Yup.  The “idiots’ he interviewed.  The “idiots” he works with.  The “stupid cunt” and “worthless bitch” he was married to.  The “jackass at radio shack who sold him his new phone.  

8.  Sulks when he doesn’t get his way. 

OMG.  OMFG!  Yes.  Toward the end – back in June, he’d started withdrawing – getting even more distant and cold.  Typical.  He was getting ready to discard me if I didn’t fall into line.  I asked him to  PLEASE tell me what was wrong.  This is what he said:  “My tank is empty.  I’d like a toe-curling kiss and a home cooked meal from you.”  That’s not such a terrible request – only he said it when he knew I was freaking over money, he was withholding financial support, I’d gone 6 weeks without income because my state couldn’t seem to figure out how to file a combined state wage unemployment claim and my food stamps got screwed up.  He said it when I was sleep-deprived and he knew it, and when he knew I was extremely vulnerable and when I told him I understood how he might feel neglected because at that point I was taking care of MY business and not him, and that I felt it was kind of bad timing on his part, he blasted me.  “See?  See what happens when I Tell you how I feel?   You just use it against me.” He may as well have added “you bitch” to it.  I know he was thinking it. 

When we finally broke up – I’d told him I felt we needed a break and I didn’t think I wanted to see him any more.  He had to have the last word.  He “dumped” me in text by saying “I can’t do the boyfriend thing anymore – my tank is empty.  I failed you by not fixing your financial situation (huh????) and my bills are too much as it is.”  He did this the day my niece committed suicide.  

He did it the one time I really COULD have used his support.  He just tells me I’m a financial burden etc.  Oh, and he also told me earlier in the year that he’d taken a loan from his 401K so I wouldn’t have so much to struggle with.  5000K.  I saw maybe 500 of it, in the form of HIM paying things.  He never actually GAVE me any of it to use as I saw fit.  During one conversation he told me he’d cashed out insurance policies to support me.  I think that’s a lie.  Still, I included it in the letter I sent his wife, along with the info about the 5 grand.  
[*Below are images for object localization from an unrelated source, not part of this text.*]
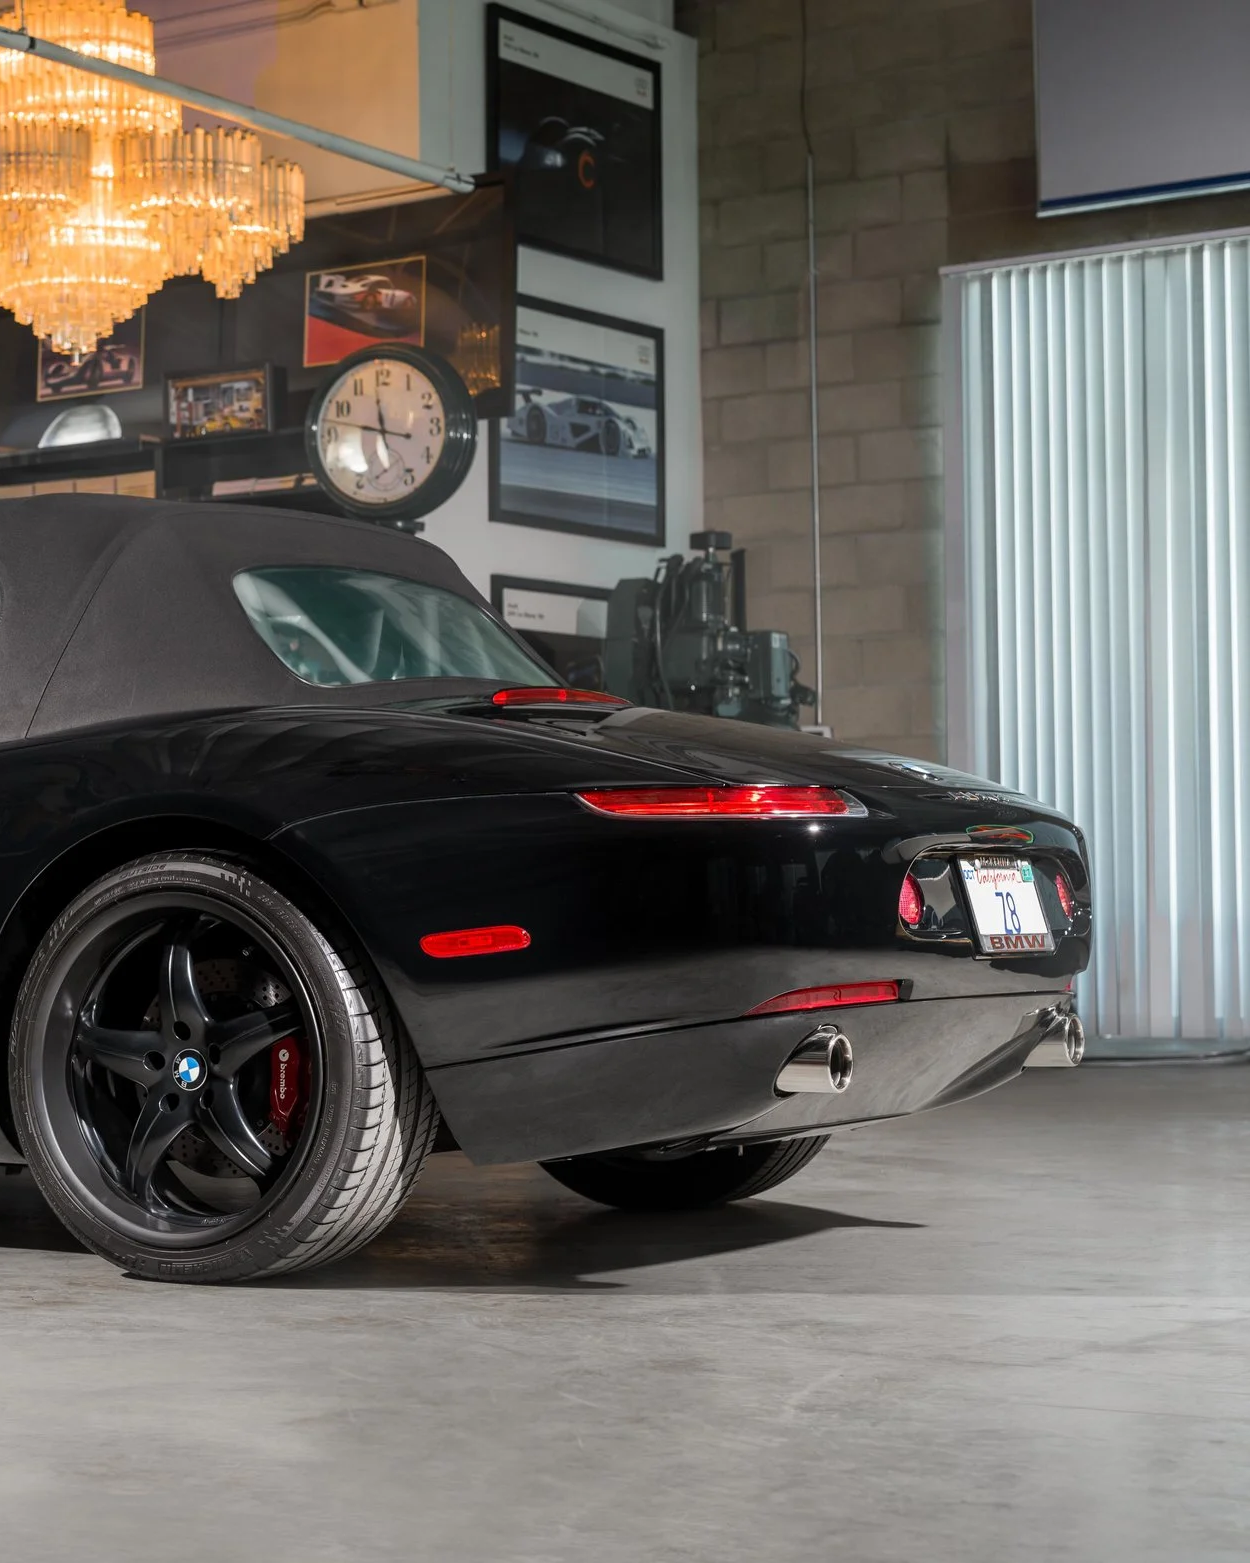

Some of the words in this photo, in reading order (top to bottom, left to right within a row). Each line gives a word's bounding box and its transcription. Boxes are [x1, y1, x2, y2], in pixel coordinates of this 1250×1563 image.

[354, 378, 363, 396] 11
[375, 369, 391, 387] 12
[336, 401, 350, 418] 10
[421, 392, 433, 409] 2
[430, 417, 441, 436] 3
[404, 467, 414, 487] 5
[994, 891, 1021, 935] Z8
[989, 935, 1045, 950] BMW
[279, 1062, 288, 1100] brembo
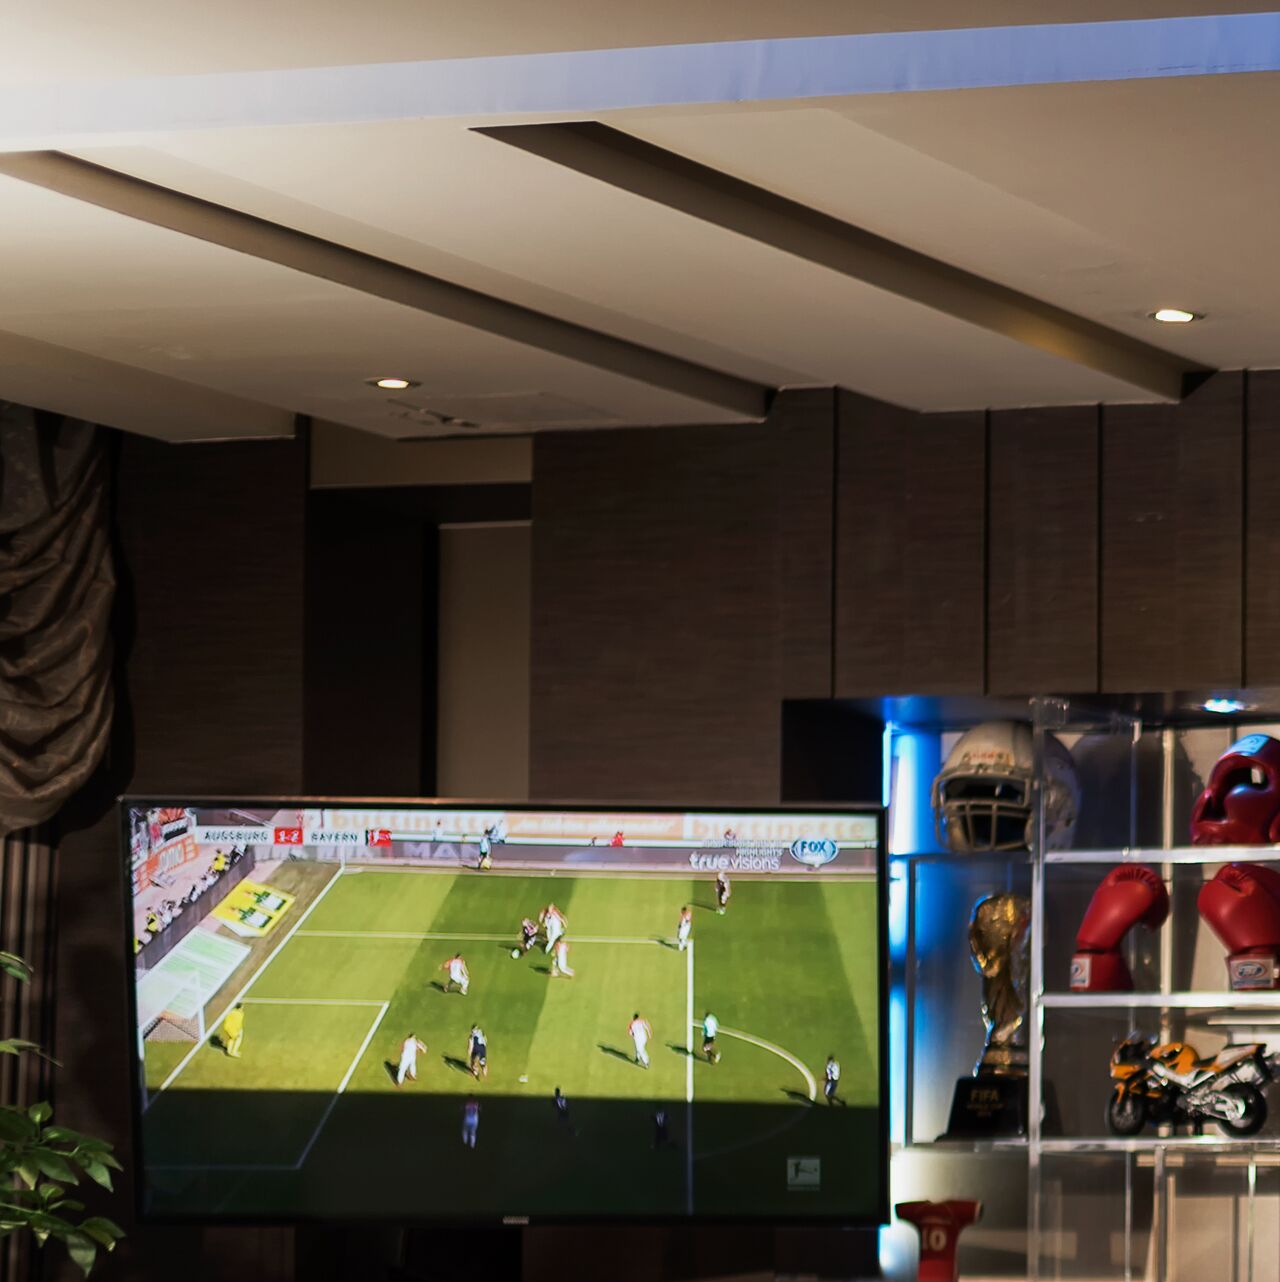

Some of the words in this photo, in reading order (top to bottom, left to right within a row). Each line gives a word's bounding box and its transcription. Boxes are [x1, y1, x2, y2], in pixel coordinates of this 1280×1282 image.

[204, 831, 269, 842] AUGSBURG
[311, 832, 358, 843] BAYERN
[800, 840, 827, 853] FOX
[689, 851, 730, 870] true
[731, 855, 781, 871] visions
[921, 1229, 947, 1251] 10
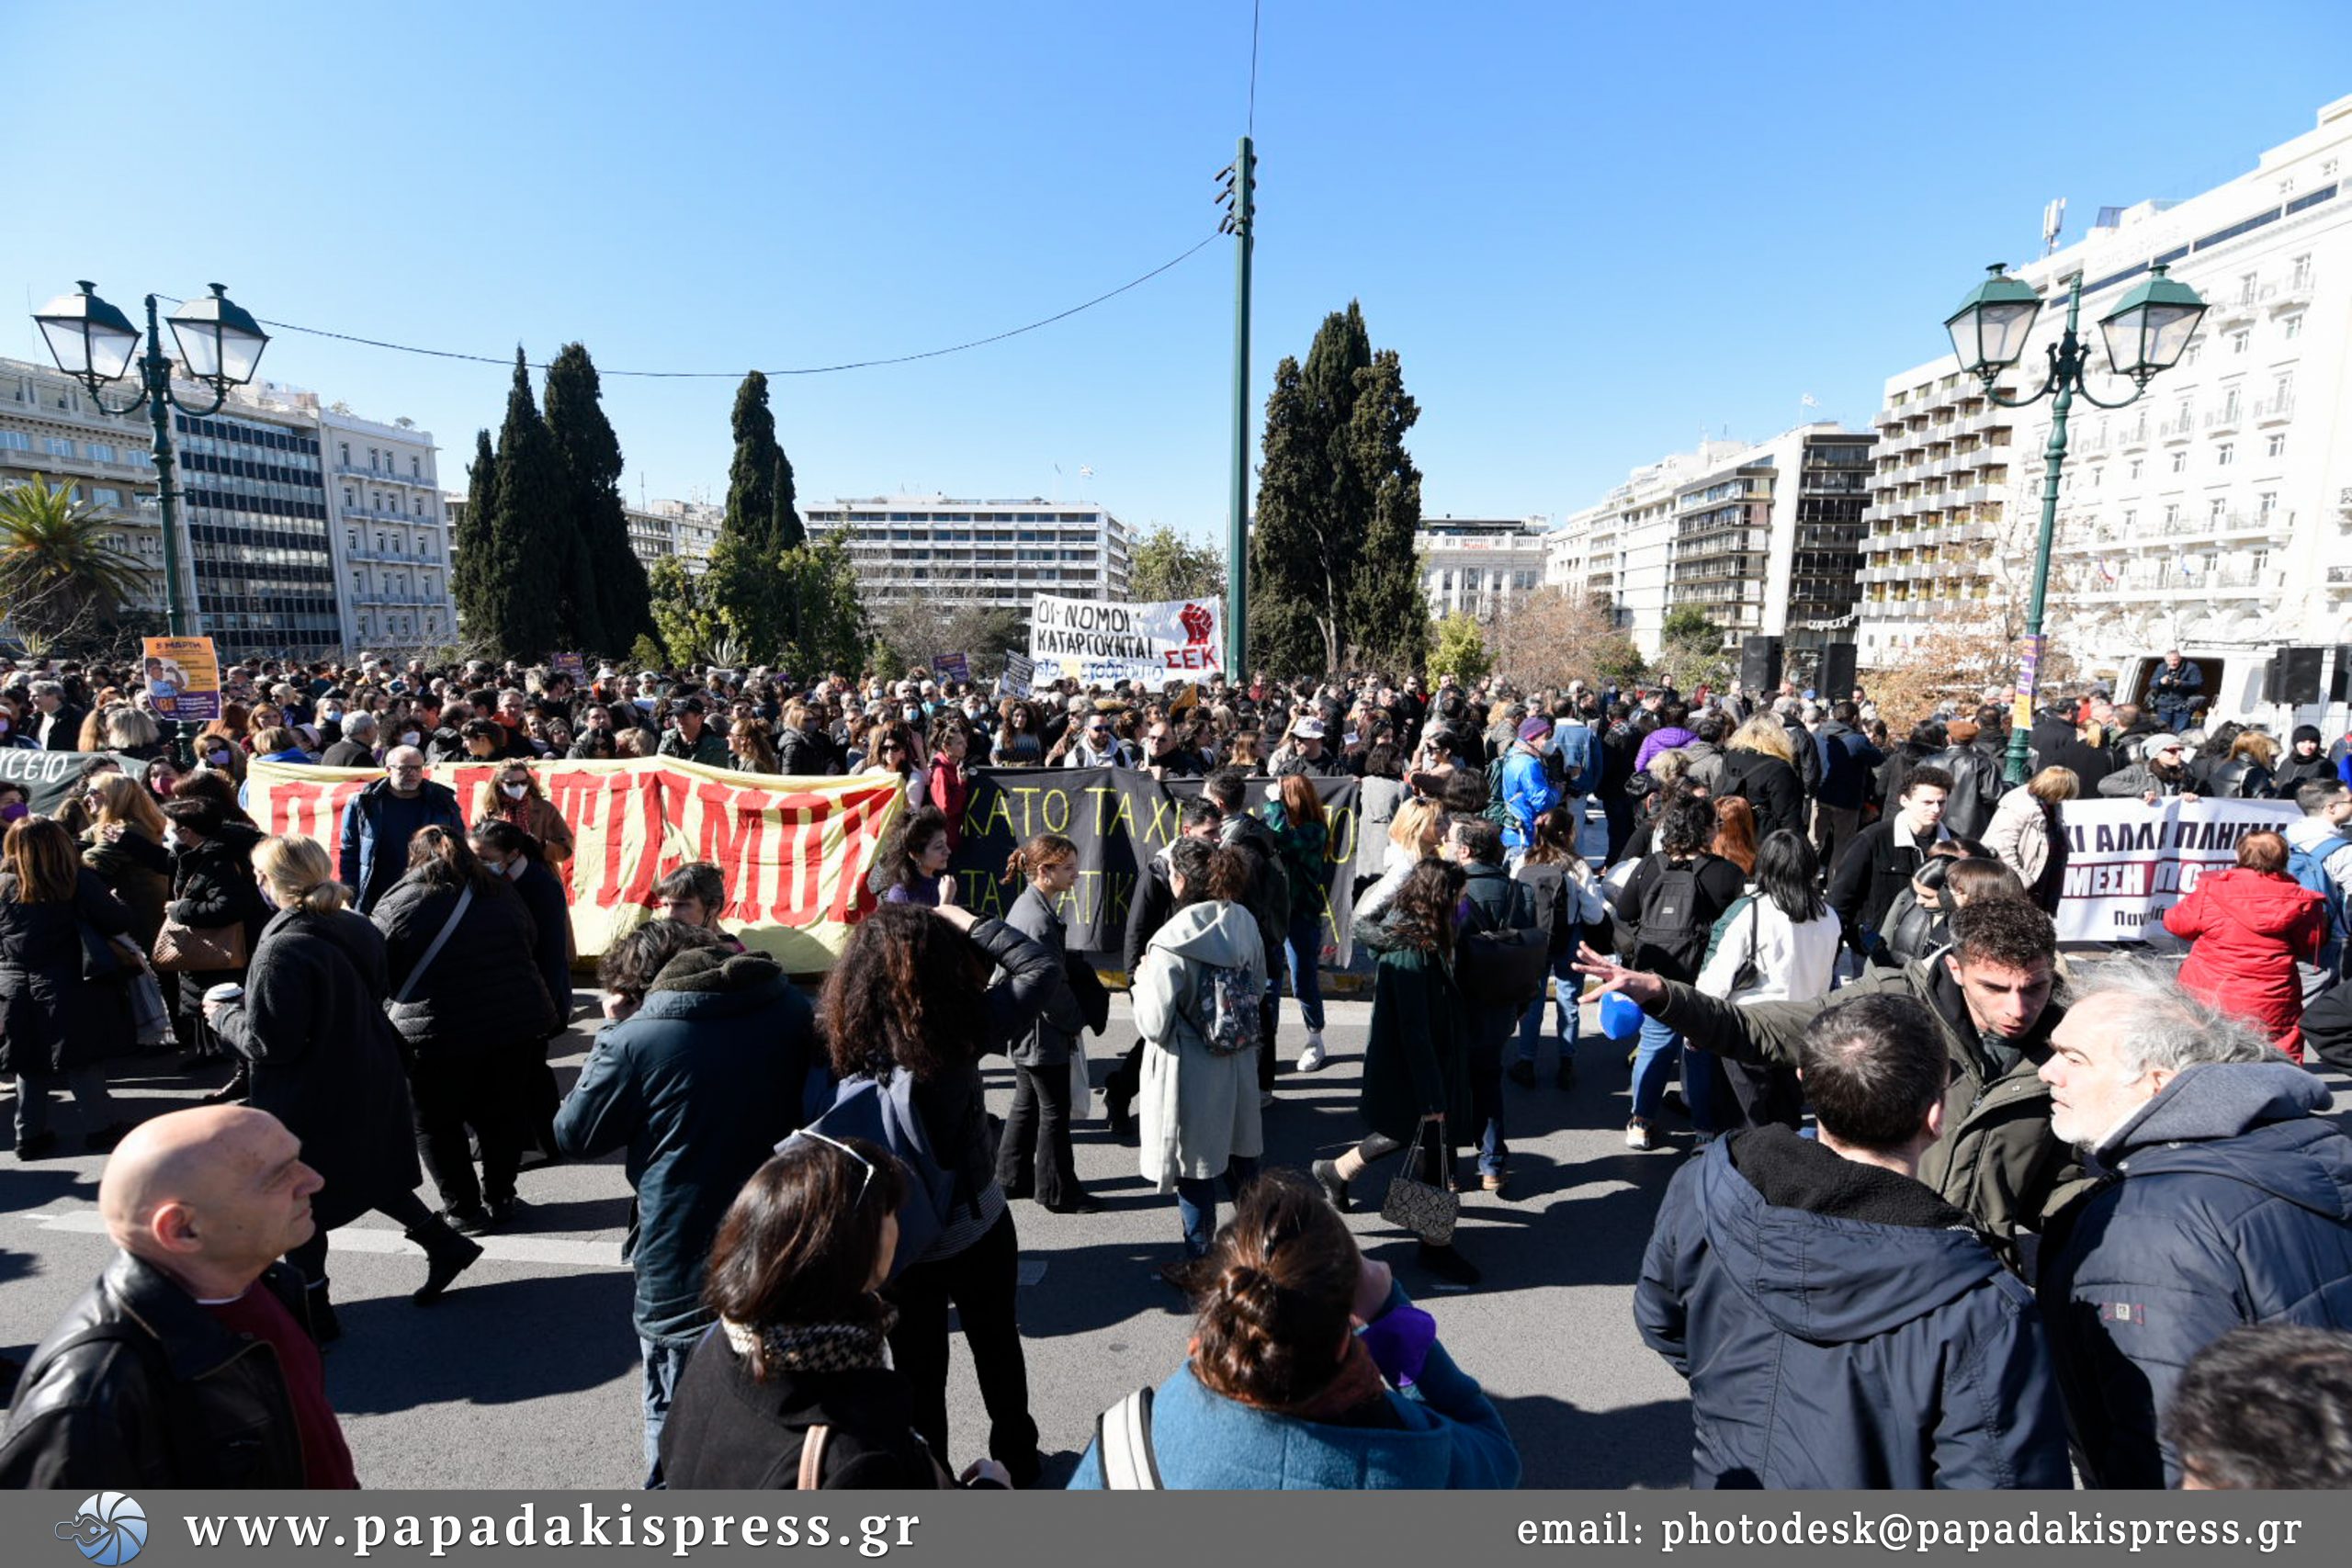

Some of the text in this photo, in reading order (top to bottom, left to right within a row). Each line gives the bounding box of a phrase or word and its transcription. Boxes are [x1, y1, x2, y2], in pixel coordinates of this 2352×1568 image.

[1038, 600, 1131, 633] ΟΙ ΝΟΜΟΙ
[1164, 645, 1220, 671] ΣΕΚ
[1085, 787, 1136, 838] ΤΑ
9.  Is unable to demonstrate or understand empathy or compassion/lacks conscience. 

Oh yeah.  My feelings never counted.  Once, I asked him if he would PLEASE just sit down and allow me to talk about my feelings without jumping in and attempting to fix things and/or make the conversation all about him.  He replied:  “I’m not that emotional guy.  I don’t get it.  If you want emotion, I’m not that guy.”  

He never once offered condolences regarding my niece; never asked how I was holding up, yet last saturday, he thought it was appropriate to text me a photo of the new car he’d just bought.  

Yup.  Mr. Financial Issues, just bought a brand new shiny car.  See – he got rid of me, so now he can afford something REALLY nice. 

Oh hell – I’m tired and I think you get the picture.  I could cite many examples of each of the criteria, but I feel like I’m beating a dead horse.  Literally.  The man is dead inside.  No spark of real life.  Just what he’s culled from his supply over the years.  He has no idea how to be human – and this guy was a pastor.  

Part of me hopes he goes back to his wife, but that doesn’t mean the rest of the women out there are safe.  He told me he never cheated on her but I don’t believe it.  He told me I was only the second woman he’d ever been with, sexually, in his life.  He married very young.  I don’t believe him.  He wasn’t THAT naive in bed – for a man who said he only had sex 3 times a year – on Christmas, his birthday and his anniversary, and then it was always missionary and over in 2 minutes.  He admitted to watching a lot of porn “to make up for the sex she withheld.”  

I’m sure he’s back having sex with his favorite two-dimensional porn stars now, cuz he sure ain’t having sex with me.  Maybe Nicole (who is married, btw) is servicing him now.  Who knows.  I don’t care.  I hope he rots in hell.  REally.  That’s not anger – that’s a genuine wish, ROFL.